Training data before and after processing with get_data are of different length

I am having a weird issue. When I am getting the training and validation images using get_batches images, the output is what I expect and is given below. There are, as expected 22980 images (11490 per class) in the train directory, and 2000 images (1000 images per class) in the valid directory.

Found 22980 images belonging to 2 classes.
Found 2000 images belonging to 2 classes.

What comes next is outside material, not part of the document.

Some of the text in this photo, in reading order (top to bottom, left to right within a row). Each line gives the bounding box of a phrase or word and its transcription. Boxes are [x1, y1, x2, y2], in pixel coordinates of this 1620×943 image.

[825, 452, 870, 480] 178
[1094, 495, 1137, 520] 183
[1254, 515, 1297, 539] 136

However after calling get_data on the train_batches and val_batches, the shape of the train_data and val_data is not what I expect and is given below. As you can see there are only 22976, and 1984 images in train_data and valid_data respectively. Any idea what’s going wrong? I am using get_data to to use processed arrays instead of processing the images from disk every time using bcolz.

(22976, 3, 224, 224)
(1984, 3, 224, 224)

I have included the relevant code below for more details.

def get_batches(dirname, gen=image.ImageDataGenerator(), shuffle=True, 
            batch_size=4, class_mode='categorical'):
return gen.flow_from_directory(dirname, target_size=(224,224), 
            class_mode=class_mode, shuffle=shuffle, batch_size=batch_size)

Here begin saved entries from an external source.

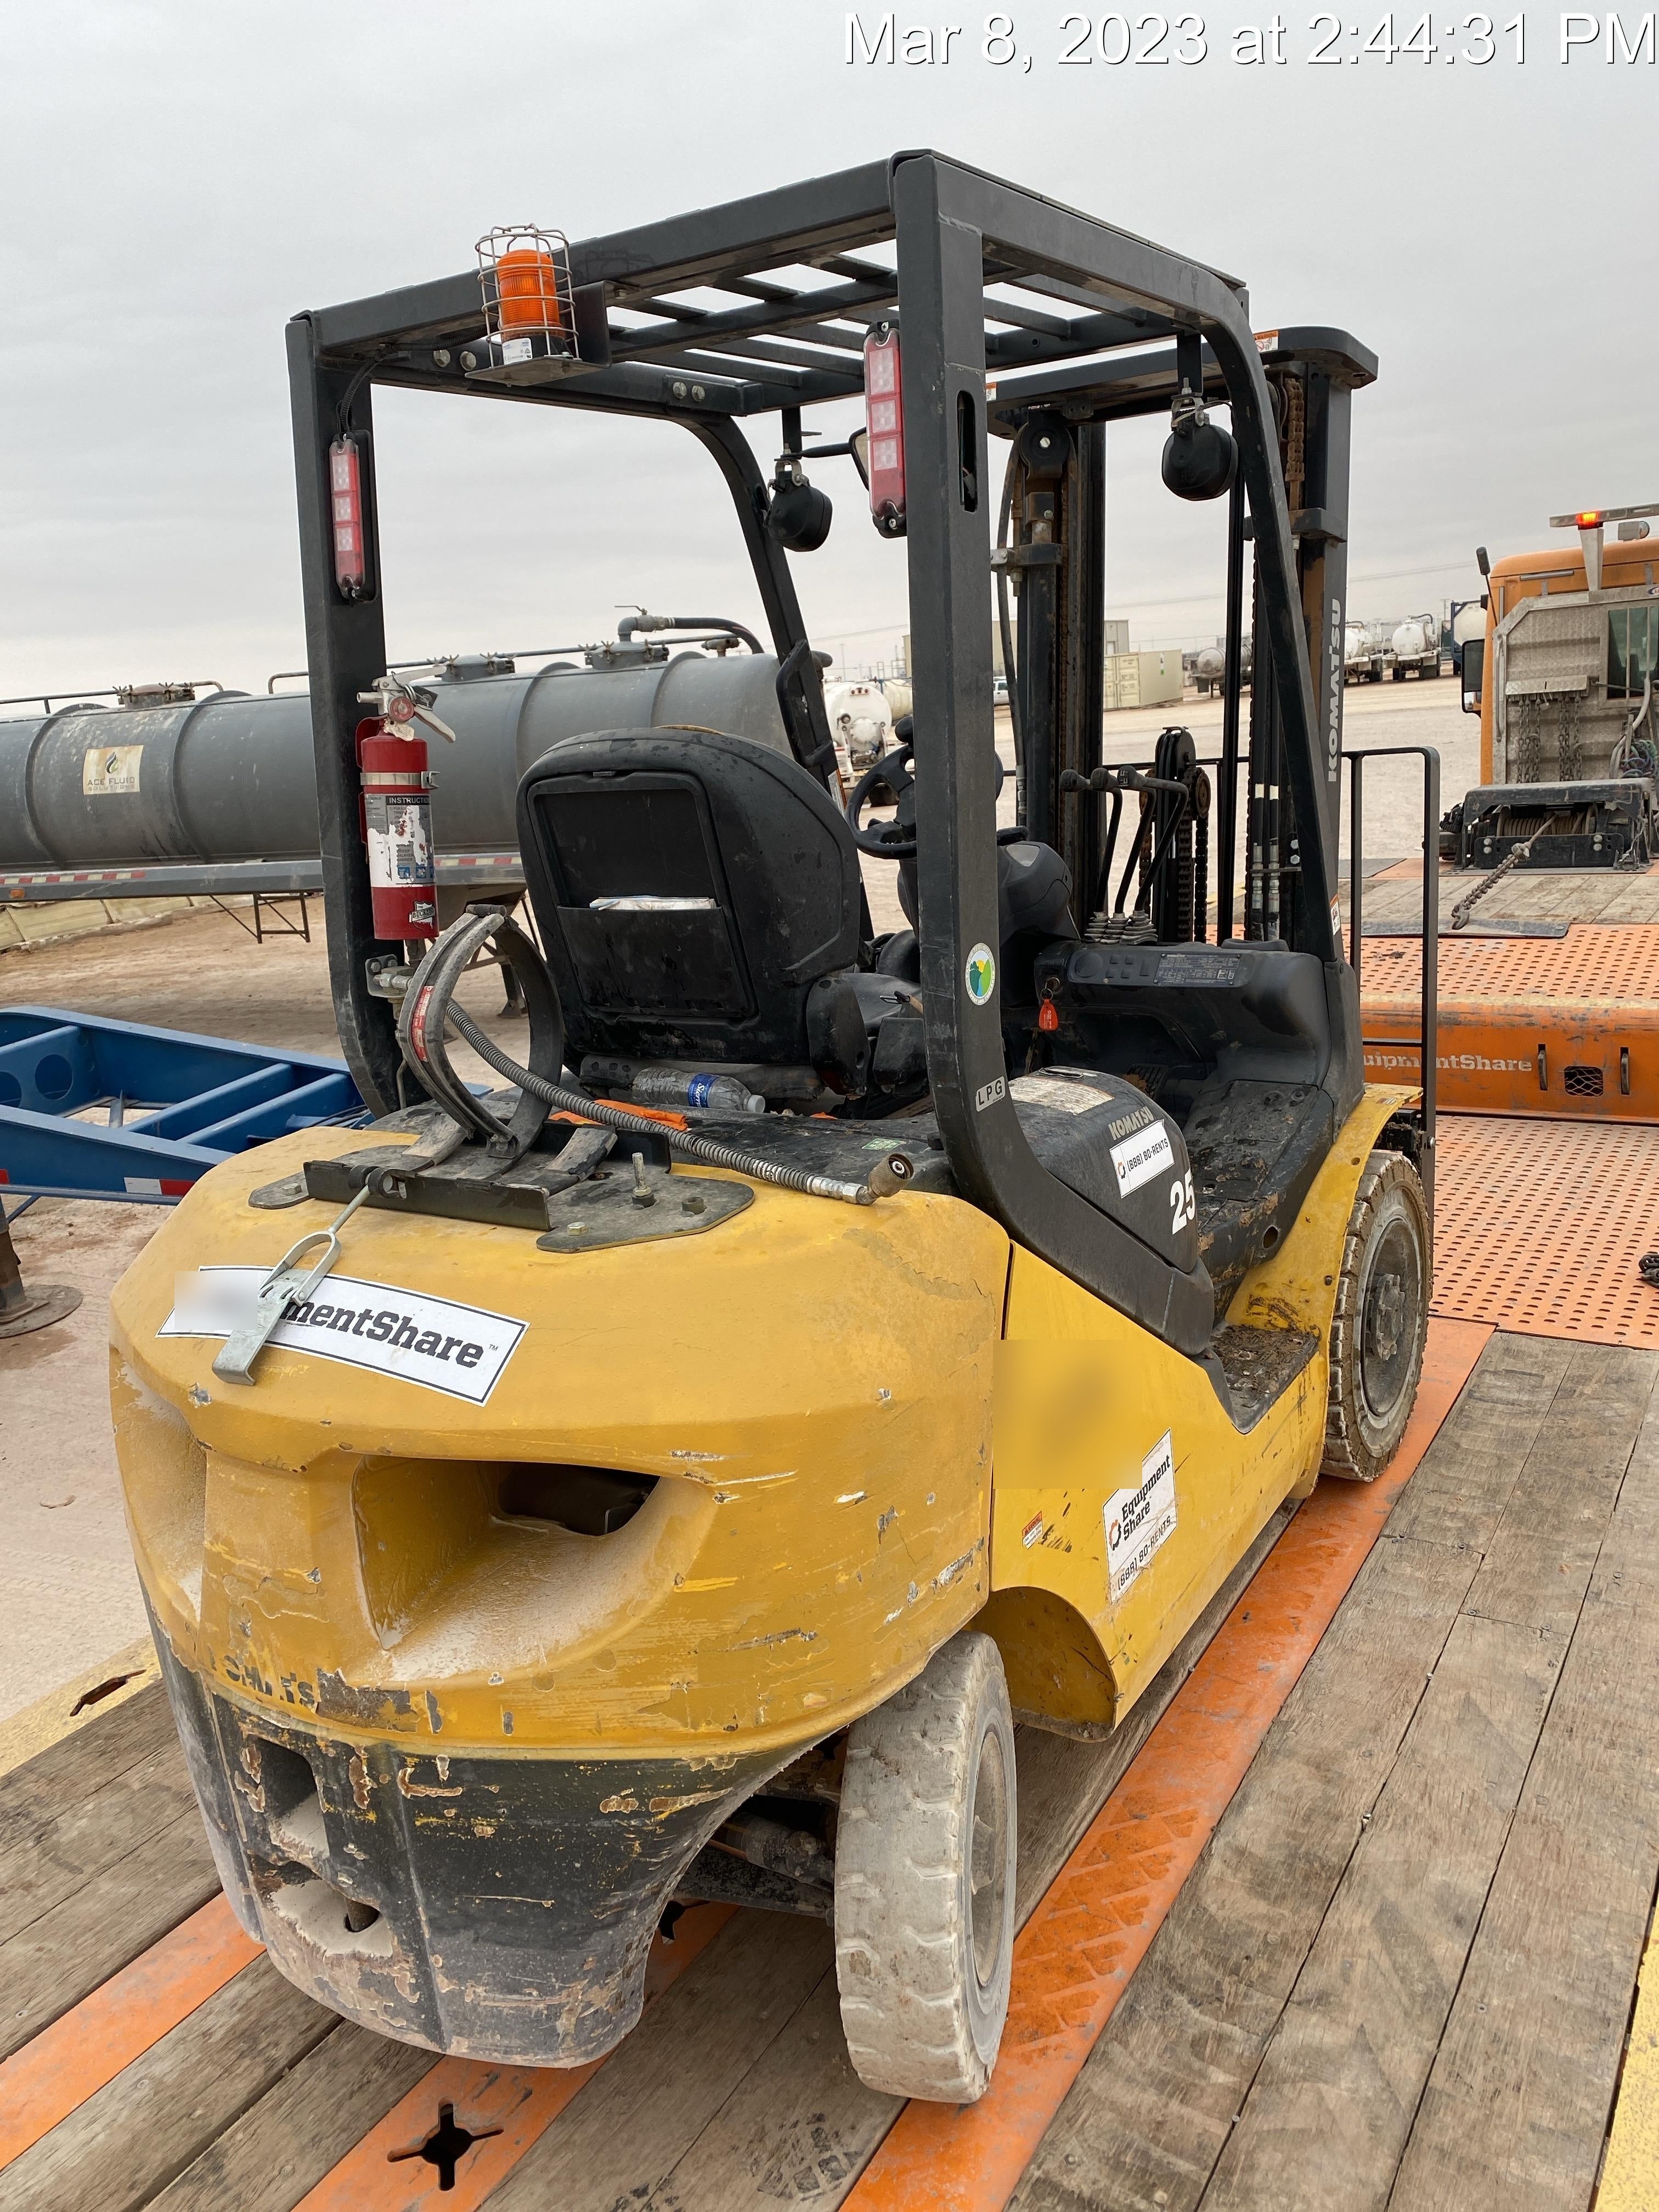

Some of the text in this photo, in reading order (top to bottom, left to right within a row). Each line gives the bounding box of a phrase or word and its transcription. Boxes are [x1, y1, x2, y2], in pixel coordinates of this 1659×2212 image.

[1328, 599, 1341, 782] KOMATSU
[978, 1080, 1002, 1105] LPG
[1108, 1106, 1154, 1141] KOMATSU
[1126, 1138, 1169, 1172] (888) 80-RENTS
[1170, 1167, 1195, 1235] 25
[1121, 1454, 1171, 1522] Equipment
[1123, 1500, 1150, 1541] Share
[1138, 1515, 1171, 1562] 80-RENTS

DATA_DIR = "data/dogs-vs-cats-redux-kernels-edition/"

batch_size = 64
train_batches = get_batches(DATA_DIR + 'train', batch_size = batch_size)
val_batches = get_batches(DATA_DIR + 'valid', batch_size = batch_size)

val_data = get_data(val_batches)
train_data = get_data(train_batches)

print(train_data.shape) ## Prints (22976, 3, 224, 224)
print(val_data.shape) ## Prints (1984, 3, 224, 224)

val_classes = val_batches.classes
train_classes = train_batches.classes
val_labels = onehot(val_classes)
train_labels = onehot(train_classes)

print(train_labels.shape) ## Prints (22980, 2)
print(val_labels.shape)  ## Prints (2000, 2)

Here’s some more info:

train_batches.nb_sample # 22980 as expected

I verified the number of jpg files in the train and valid directory. There are a total of 22980 and 2000 images in the directories. Is it possible that some of the images are corrupted and hence we are unable to process them?

So I tried the exact same steps on a completely different dataset - this time on the statefarm images, and I still see the same issue.

The number of images in the train directory is 20824, but after saving them as processed arrays using bcolz the shape of the arrays is (20800, 3, 224, 224). Looks like this is not specific to one dataset, but seems to be consistent with other as well.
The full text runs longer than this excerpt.